Monday Smiles – 11/25/2013

little houseWhen we purchased our Little House here in San Tan Valley, AZ, the plan was to live in Anaheim Hills in the summer and here in the winter once I retired.   Even though these days I’m mostly retired … and most work I have could be done anywhere … that has not come to pass.   The Little House remains our abode for week or two visits with our grandkids, which by itself makes it a good investment.  But we have not developed the social life … either in terms of friends or entertainment venues … that we are used to in California.  But Sunday night, we set off with the only new friends we’ve made here … our next door neighbors, John and Carolyn … for the one reliable live theater we’ve found in the Phoenix area, the Herberger Theater Center.  We found several restaurants within walking distance of the theater online and the plan was to choose when we got there.   We located one Italian restaurant on my smartphone navigator and walked there, only to find it no longer in business, which is a danger of finding restaurants on Yelp.   We walked across the street to Renaissance Hotel that I recalled having a restaurant … but their restaurant was closed on Sunday.  Really?   We asked the concierge who suggested Seamus McCaffery’s, which I thought he said was a steakhouse so we set out again.

seamus

from Seamus McCaffery’s website

I should have guessed that Seamus McCaffery’s was an Irish Bar and Pub and on a Sunday Night, it did not look especially inviting.  There were three foul smelling horses tied out front and an assortment of peculiar characters drinking at the sidewalk tables.  Still, we needed to eat so in we went.   The bar was doing a brisk business but the pub was not.   That Irish favorite, Jimi Hendrix, was thundering over the speaker system.  It looked to me like what we always called an Alchy Bar but I suppose that’s politically incorrect given the ethnic nature of the establishment.  On the other hand, the Irish (yes, I am part) have never been shy about their love of alcohol.   McCaffery’s turned out to serve decent food and was a good place to sit and talk until the theater doors opened.

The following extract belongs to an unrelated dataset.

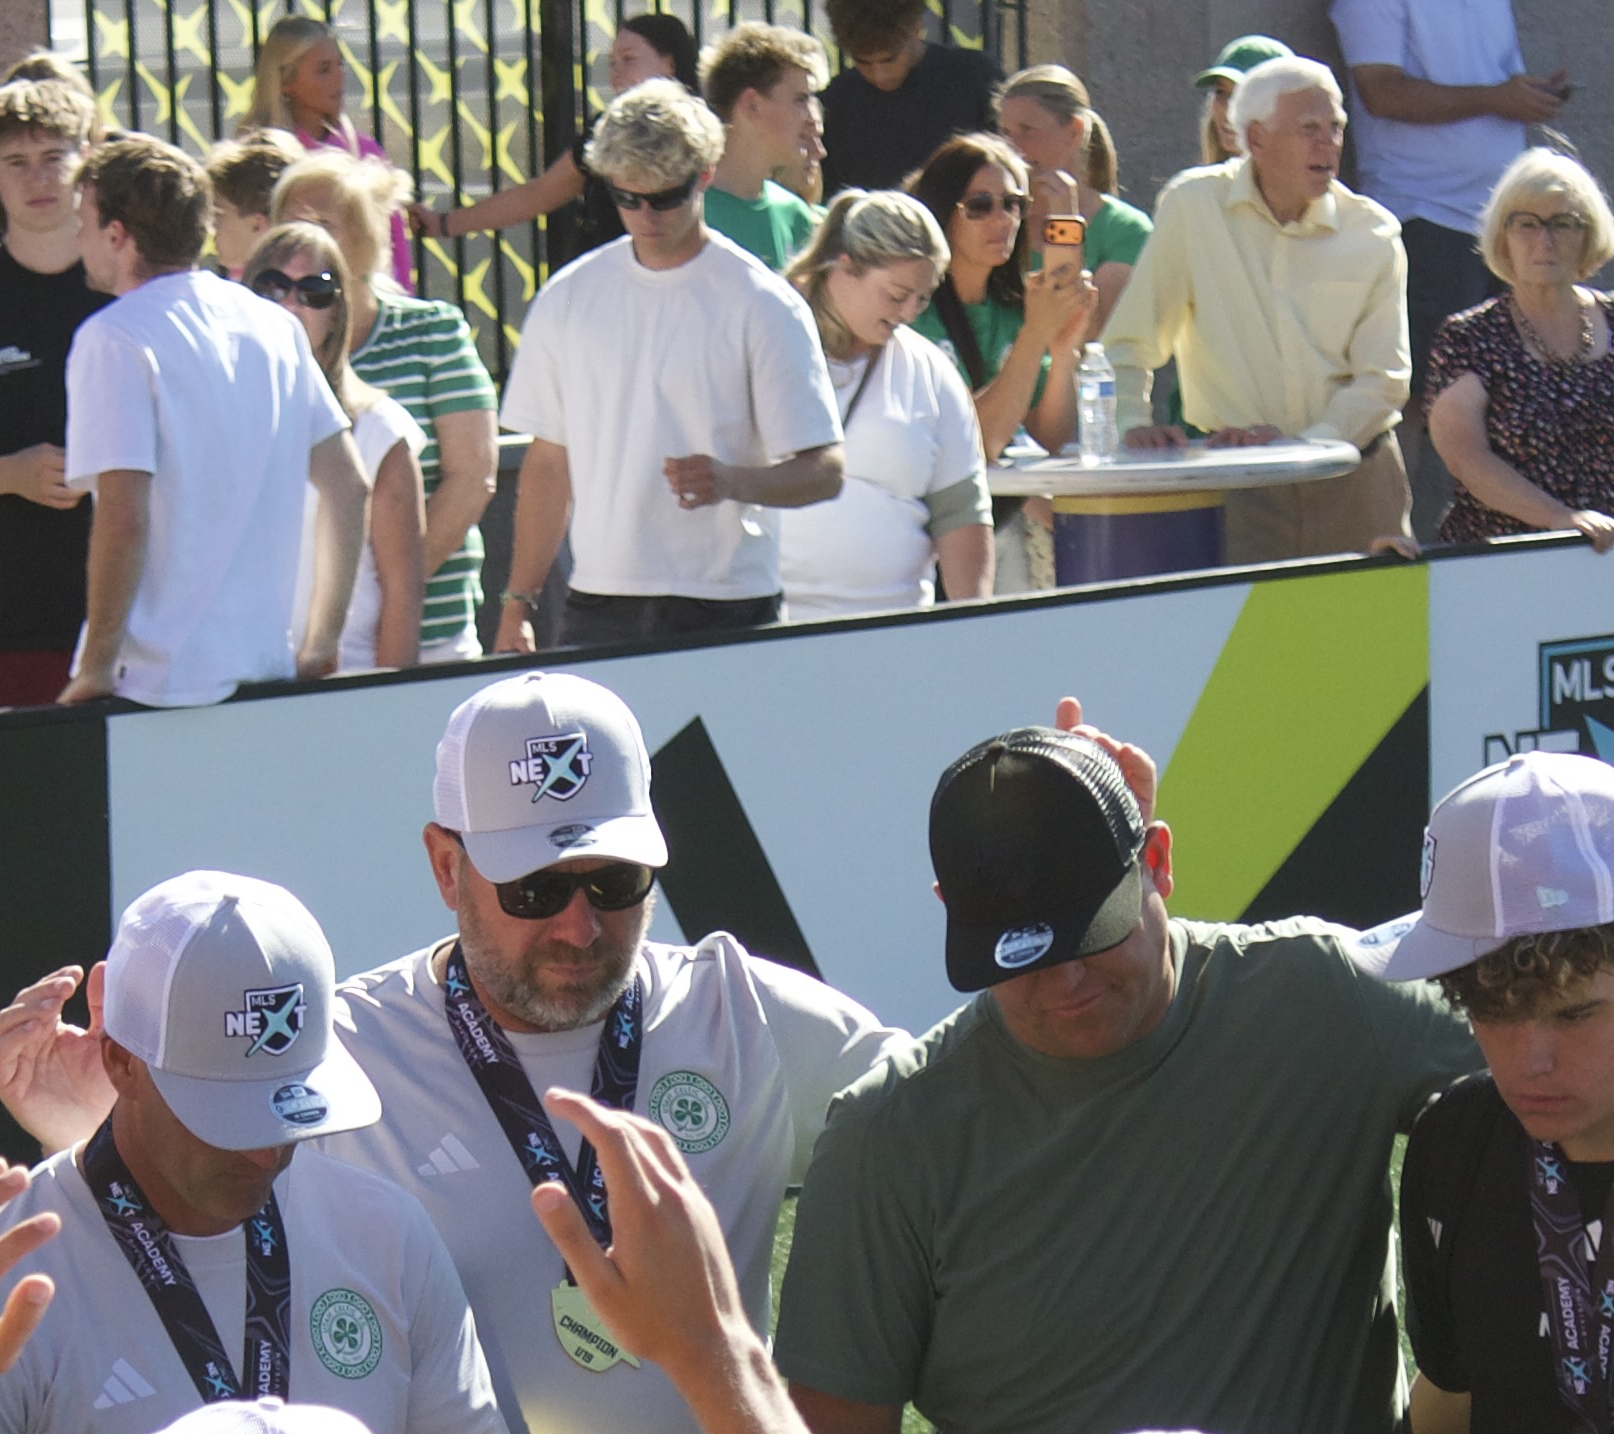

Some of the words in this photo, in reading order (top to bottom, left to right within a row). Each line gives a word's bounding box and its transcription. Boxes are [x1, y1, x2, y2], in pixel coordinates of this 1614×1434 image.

The play we saw was The Mountaintop, a very fictionalized account of the night before Martin Luther King’s assassination at the Lorraine Motel in Memphis, TN.   The play has an interesting history in that it was an award-wining smash hit in London but was savaged by critics in New York, even though the New York production starred Samuel L. Jackson and Angela Bassett.  Dr. King has returned from delivering his Mountaintop speech  to the Sanitation Workers Union in which he intimates that he may not live to see his efforts change the world.  The Mountaintop considers the possibility that hephnxmountaintop had a premonition of his assassination.   The only other character onstage besides King (James T. Alfred) is Carae (Erika LaVonn), a housekeeper at the motel who delivers room service coffee and stays for an extended dialog with him about life, temptation, family, civil rights and the effectiveness of nonviolence as a means of change.   We see King at his most human, smoking, drinking and cursing … and flirting with the charismatic Carae.  We see his arrogance, his doubts and his fears as he cringes at each clap of thunder, fearing it is gunfire.  Gradually, we suspect that Carae is no ordinary maid, a suspicion confirmed by a surprising metaphysical turn of events about two-thirds of the way though the play.  The ability to accept this turn after almost an hour of drama-comedy centering on actual events is probably the key to liking the play.   I found it worth the effort, because the finale speaks (literally) to the universality of King’s message and to our individual responsibility to carry  it forward.  One reviewer called the play King’s Gethsemane, referring Jesus’ night alone in the garden before his crucifixion.   It is apt in that by showing Dr. King at his most human, his words and accomplishments become not those of an icon or myth, but of a man, giving us each permission to emulate his ideals in our own way.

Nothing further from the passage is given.